Do Nurses at James River Nursing And Rehabilitation Stick Around?

Staff turnover at JAMES RIVER NURSING AND REHABILITATION is high. At 60%, the facility is 14 percentage points above the Missouri average of 46%. High turnover means new staff may not know residents' individual needs, medications, or preferences. It can also be disorienting for residents, especially those with dementia who rely on familiar faces.
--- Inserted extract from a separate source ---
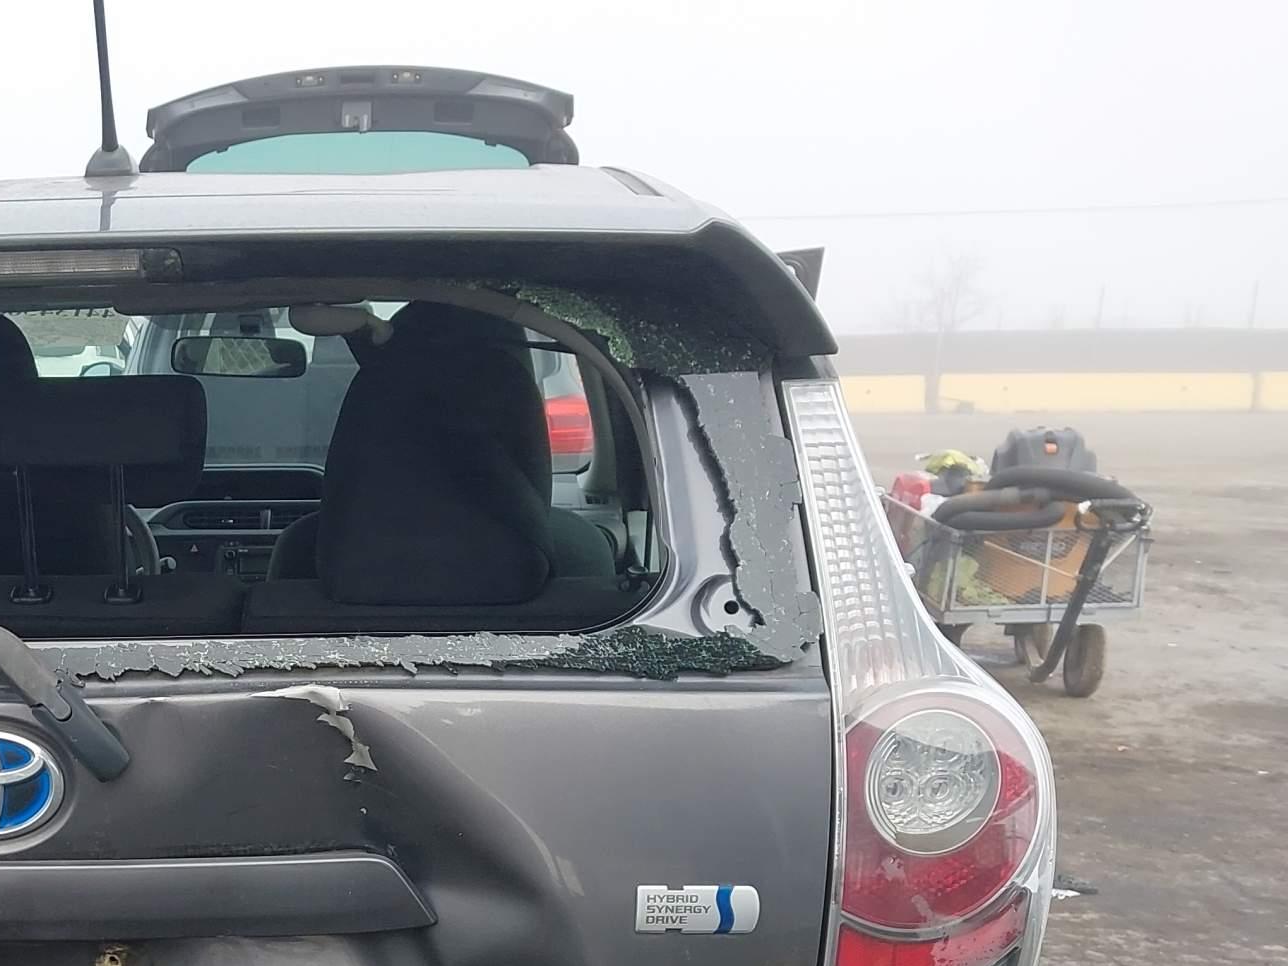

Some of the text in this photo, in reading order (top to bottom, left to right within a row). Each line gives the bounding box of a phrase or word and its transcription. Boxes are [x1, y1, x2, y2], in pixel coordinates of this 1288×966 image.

[646, 894, 699, 904] HYBRID
[646, 905, 712, 914] SYNERGY
[645, 915, 688, 925] DRIVE
Families should ask: What is causing the turnover? What retention programs are in place? How do you ensure care continuity during staff transitions?

Was James River Nursing And Rehabilitation Ever Fined?

JAMES RIVER NURSING AND REHABILITATION has no federal fines on record. CMS issues fines when nursing homes fail to meet care standards or don't correct problems found during inspections. The absence of fines suggests the facility has either maintained compliance or corrected any issues before penalties were assessed. This is a positive indicator, though families should still review recent inspection reports for the full picture.

Is James River Nursing And Rehabilitation on Any Federal Watch List?

JAMES RIVER NURSING AND REHABILITATION is not on any federal watch list. The most significant is the Special Focus Facility (SFF) program, which identifies the bottom 1% of nursing homes nationally based on persistent, serious quality problems. Not being on this list means the facility has avoided the pattern of deficiencies that triggers enhanced federal oversight. This is a positive indicator, though families should still review the facility's inspection history directly.